OPEL 500 – year 1928
Manufacturer: Adam Opel AG, Motorradabteilung, Russelsheim nad Menem, Germany
In years 1928-1929 Opel did not produce serial motorcycles - it was focused on the production of a four-wheeled novelty - a small vehicle called "Laubfrosch” (green frog). However, she did experiment with motorcycles. Some attempts were made to. use rocket propulsion. Experimental model 500 with 1928 year except engine with overhead valve (OHV) had, on both sides of the rear wheel, two rocket motors are attached. However, these attempts did not live up to expectations.
The return to motorcycle production at Opel took place only in 1929 year, when a license for pressed steel frames was purchased from Ernest Neumann-Neander. Within this framework, own engines with displacement were assembled 494 cm3 with lower timing- and overhead valve (OHV).
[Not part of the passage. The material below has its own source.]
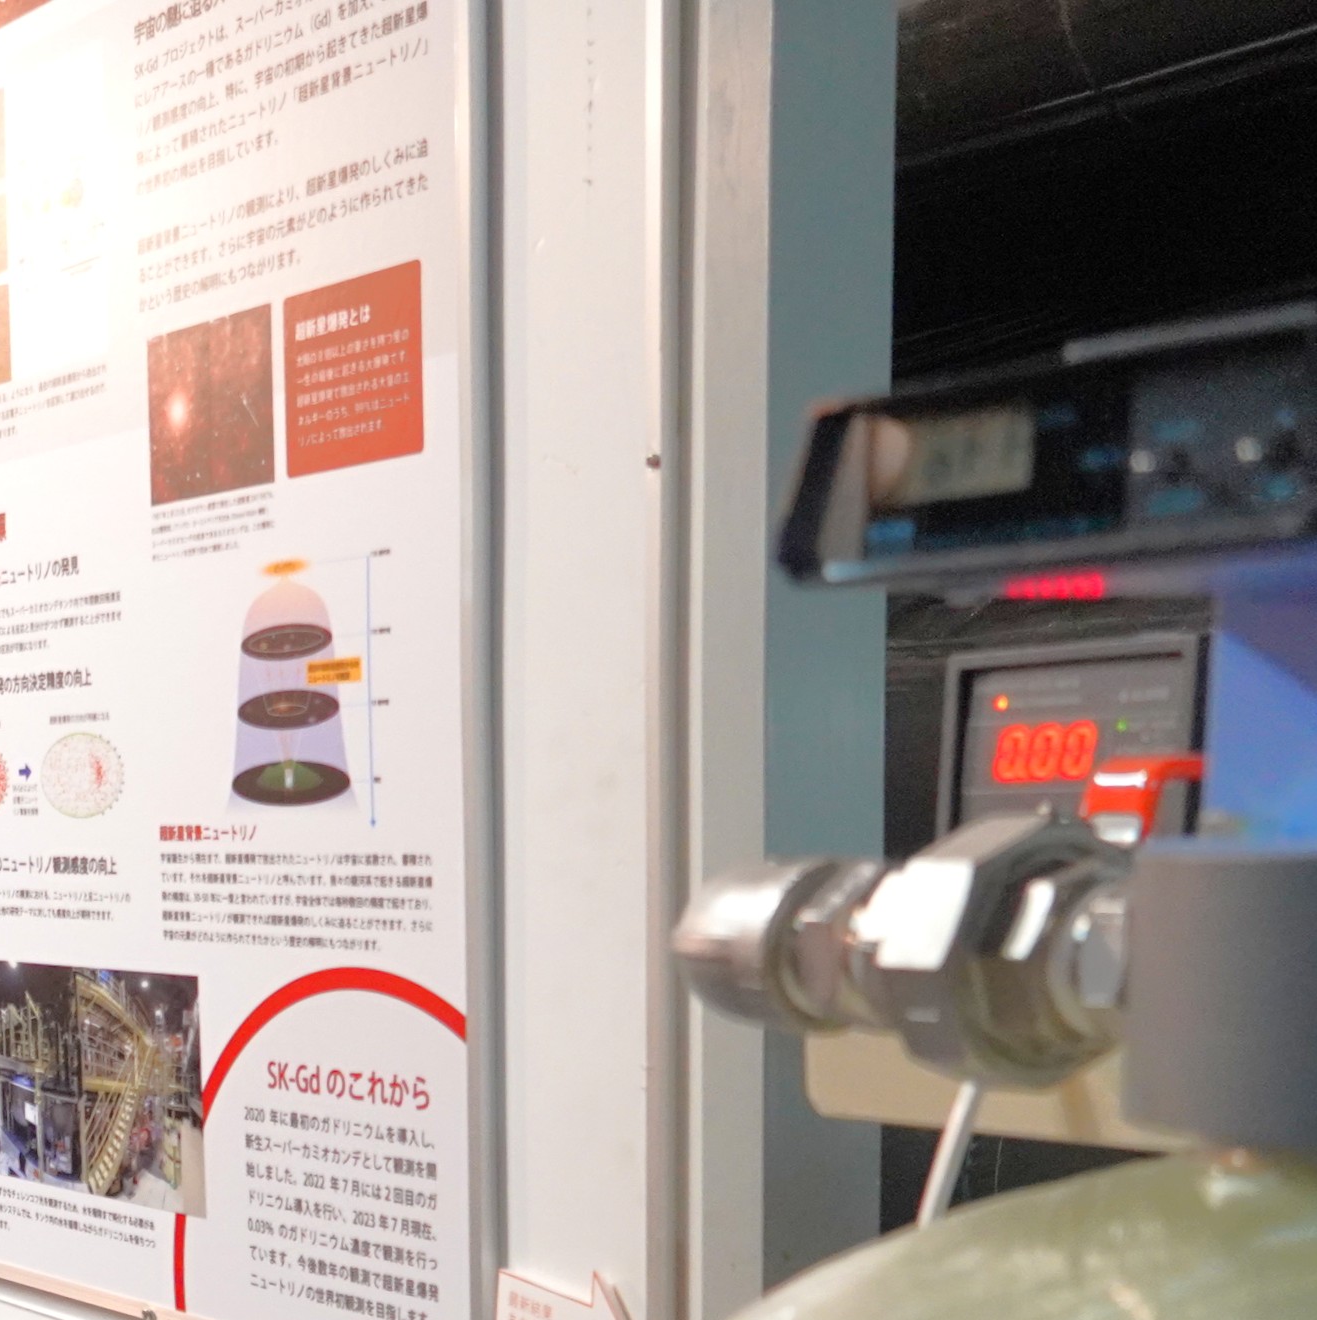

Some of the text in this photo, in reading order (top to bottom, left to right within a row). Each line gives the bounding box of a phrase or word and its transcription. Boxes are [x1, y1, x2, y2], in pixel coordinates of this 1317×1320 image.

Opel 500 had a single cylinder engine with OHV overhead valve, of a capacity 494 cm3 (cylinder diameter and piston stroke - po 84 mm), who was gaining power 10 kW (14 KM) at 3000 rpm. The mixture was ignited by a spark-ignition installation. The gearbox had three gear ratios. The drive to the rear wheel was transmitted via a chain. Frame made of steel profiles, embossed, it was equipped with a Neander front fork, sprung on two short leaf springs (arranged in sheet metal covers along the fork axis, on both sides of it, at the height of the head of the frame). Characteristic saddle, shaped like a fuel tank, it resembled a solution from a Neander motorcycle. Both wheels had independent brakes. The motorcycle had a curb weight 140 kg and developed maximum speed 100 km/h. Model 500 with the OHV overhead valve was then sold for 1265 marek. The first vehicles came from the Elite-Diamant-Werke factory in Brand-Erbisdorf, Saxony, whose largest shareholder was Fritz von Opel. After selling this factory to Rasmussen, motorcycle production was moved to the plant in Russełsheim, where it continued for two more years.
W 1930 In the year, the third and final stage of Opel motorbike production definitely ended. The company became part of the largest American (and the world) car concern General Motors Corporation and took up the production of cars.